O resgate
Uma nova manhã estava prestes a nascer e a escuridão cedia aos poucos, relutante em desaparecer por completo. O cheiro de mata cerrada se acentuava com o orvalho e o ar gelado queimava os pulmões.
Lado a lado eles caminhavam, como um só, cada qual pensando diferente, mas no fundo igual, completando um ao outro. O homem pensava no frio, cansaço e na fome que sentia. Enquanto tentava ignorar o peso da enorme mala que carregava, procurava estar atento ao caminho e alerta aos perigos. O Javali pensava que esta seria sua última jornada, precisava estar preparado, logo chegariam ao seu destino, onde teriam abrigo, comida e descanso, precisava aproveitar ao máximo.

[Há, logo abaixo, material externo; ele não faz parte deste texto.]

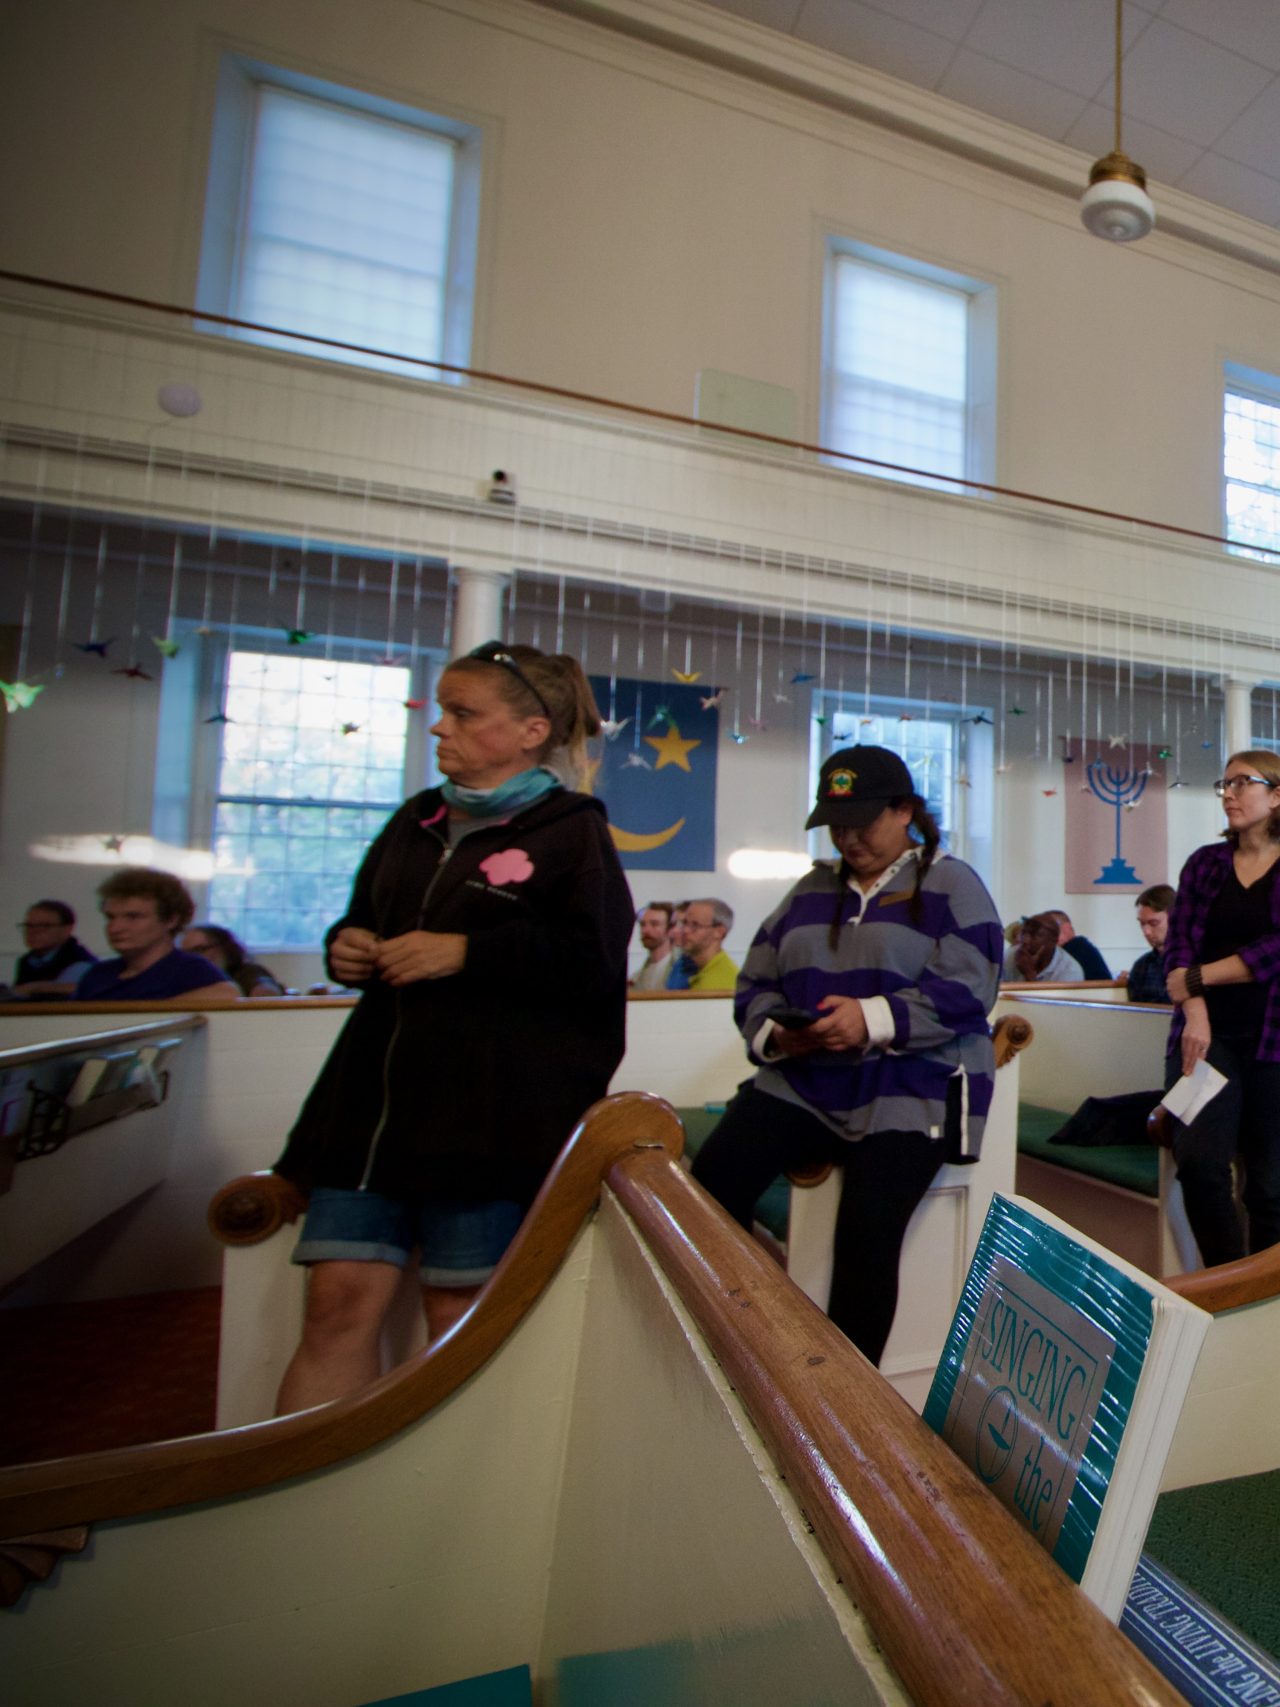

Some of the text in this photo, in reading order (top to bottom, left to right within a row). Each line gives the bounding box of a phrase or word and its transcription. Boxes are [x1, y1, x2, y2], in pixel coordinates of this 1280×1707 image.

[981, 1300, 1087, 1440] SINGING
[1014, 1436, 1052, 1531] the
[1160, 1614, 1227, 1660] LIVING
[1209, 1652, 1247, 1675] the

– É por aqui. – Disse o homem puxando de leve a corrente que prendia o Javali.
– Isso é realmente necessário? – Disse o Javali, indicando a corrente com a cabeça.
– Desculpe, mas não posso correr o risco de você fugir.
– Eu não vou fugir, já disse mil vezes, logo que ouvi sua história dei minha palavra que te ajudaria. Porque eu fugiria agora? Deixa pra lá, olha, já dá pra ver a cabana.
A cabana era muito rústica, escondida entre as árvores, mas a fumaça que saía pela chaminé a tornava quase acolhedora. Pararam na porta e o homem assoviou uma melodia simples. Na mesma hora a porta se abriu e os dois entraram. A primeira coisa que perceberam foi o cheiro delicioso de comida quente, fazia dias que só comiam pão e queijo, bebiam água dos rios e comiam as frutas boas que encontravam pelo caminho.
– Vocês chegaram bem na hora. – Disse a mulher que abriu a porta. – Coloque a mala naquele armário Halden, lá estará segura. Porque você prendeu o Javali? Ele não quis vir por vontade própria?
– Desculpe senhora, mas seu irmão é muito “cabeça dura”, imagina que fugirei se ele me soltar. – Disse o Javali fazendo uma reverência.
– Meu nome é Amaranta, fico feliz que tenha vindo nos ajudar. – Disse ela com respeito e amabilidade, e olhando para o irmão, franzindo as sobrancelhas, disse: – Halden faça o favor de soltar o Javali, agora!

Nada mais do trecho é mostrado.